--- PROVIDED MATERIAL Enclosed Below ---
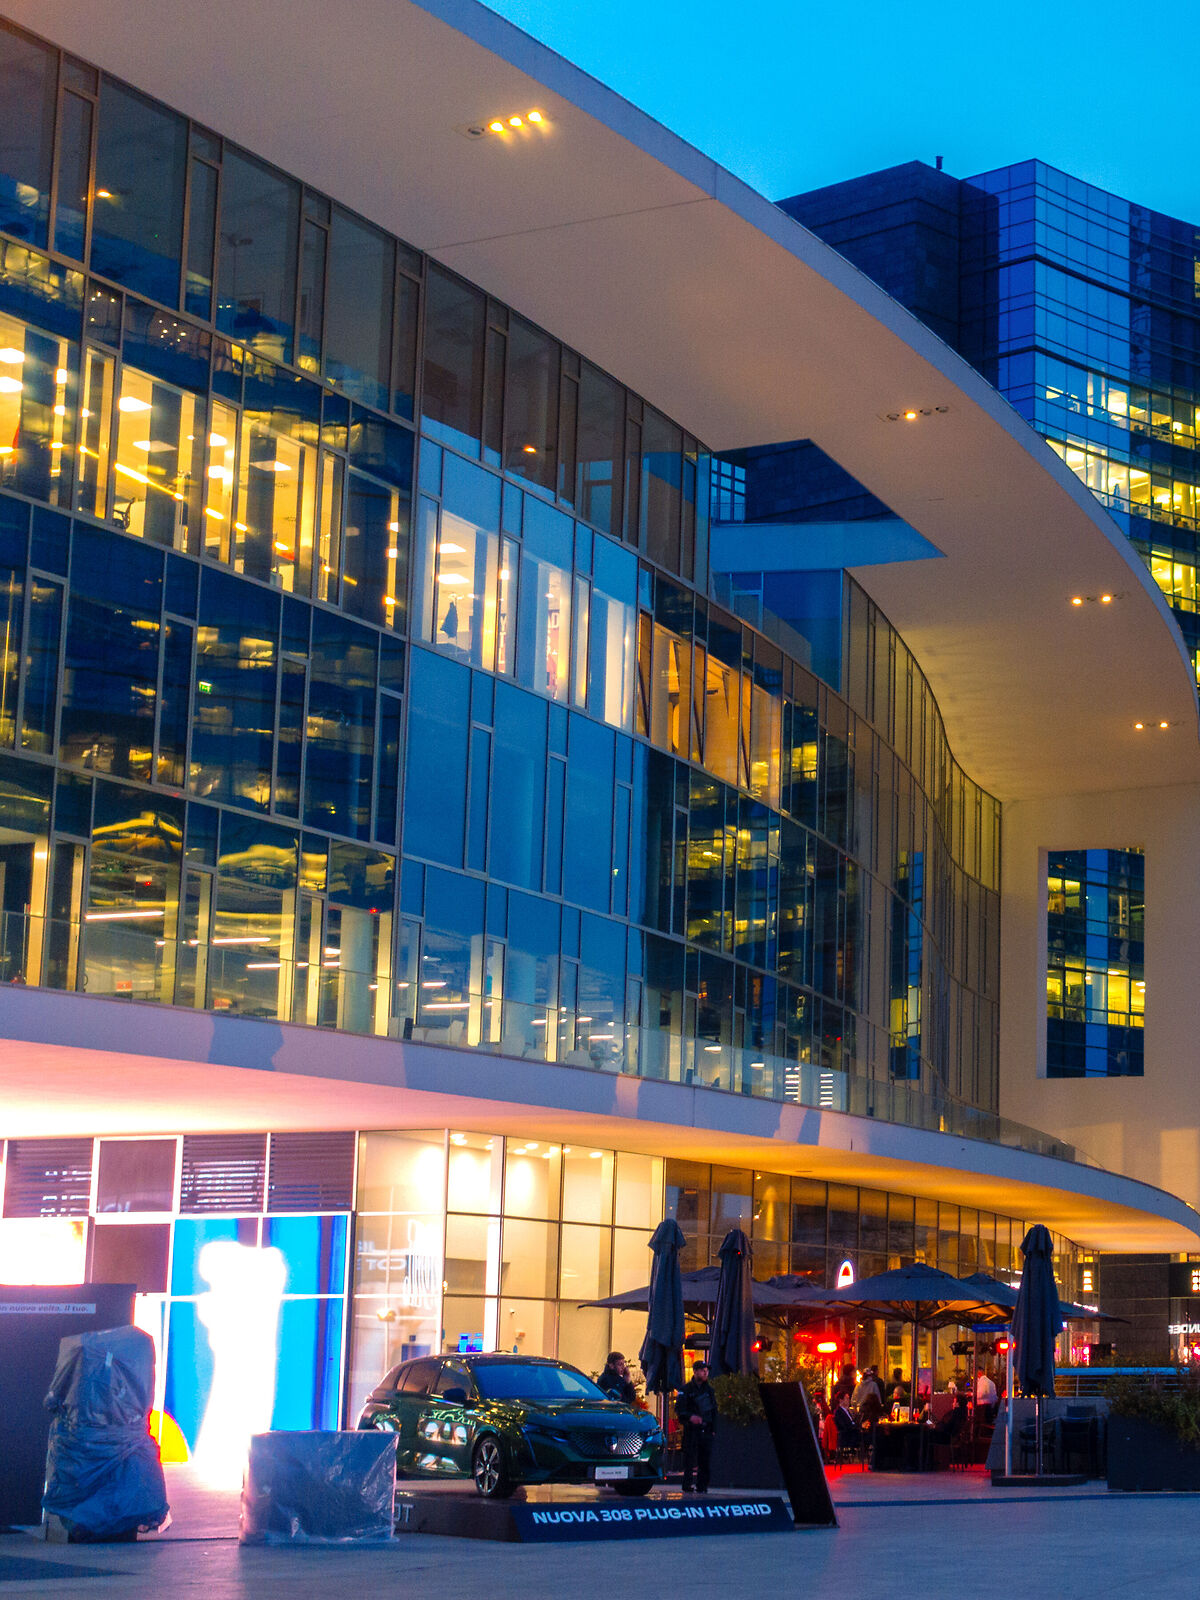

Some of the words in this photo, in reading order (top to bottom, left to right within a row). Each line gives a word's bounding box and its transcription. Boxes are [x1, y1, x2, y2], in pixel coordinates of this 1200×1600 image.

[532, 1511, 600, 1524] NUOVA
[600, 1509, 633, 1522] 308
[634, 1507, 705, 1521] PLUG-IN
[706, 1504, 772, 1518] HYBRID
--- End of Enclosed PROVIDED MATERIAL ---
** TO DO **
Reproduce each line of the records exactly, omitting any picture.

** SOLVED PROBLEM **
Some of the words in this photo, in reading order (top to bottom, left to right within a row). Each line gives a word's bounding box and its transcription. Boxes are [x1, y1, x2, y2], in pixel coordinates of this 1200×1600 image.

[532, 1511, 600, 1524] NUOVA
[600, 1509, 633, 1522] 308
[634, 1507, 705, 1521] PLUG-IN
[706, 1504, 772, 1518] HYBRID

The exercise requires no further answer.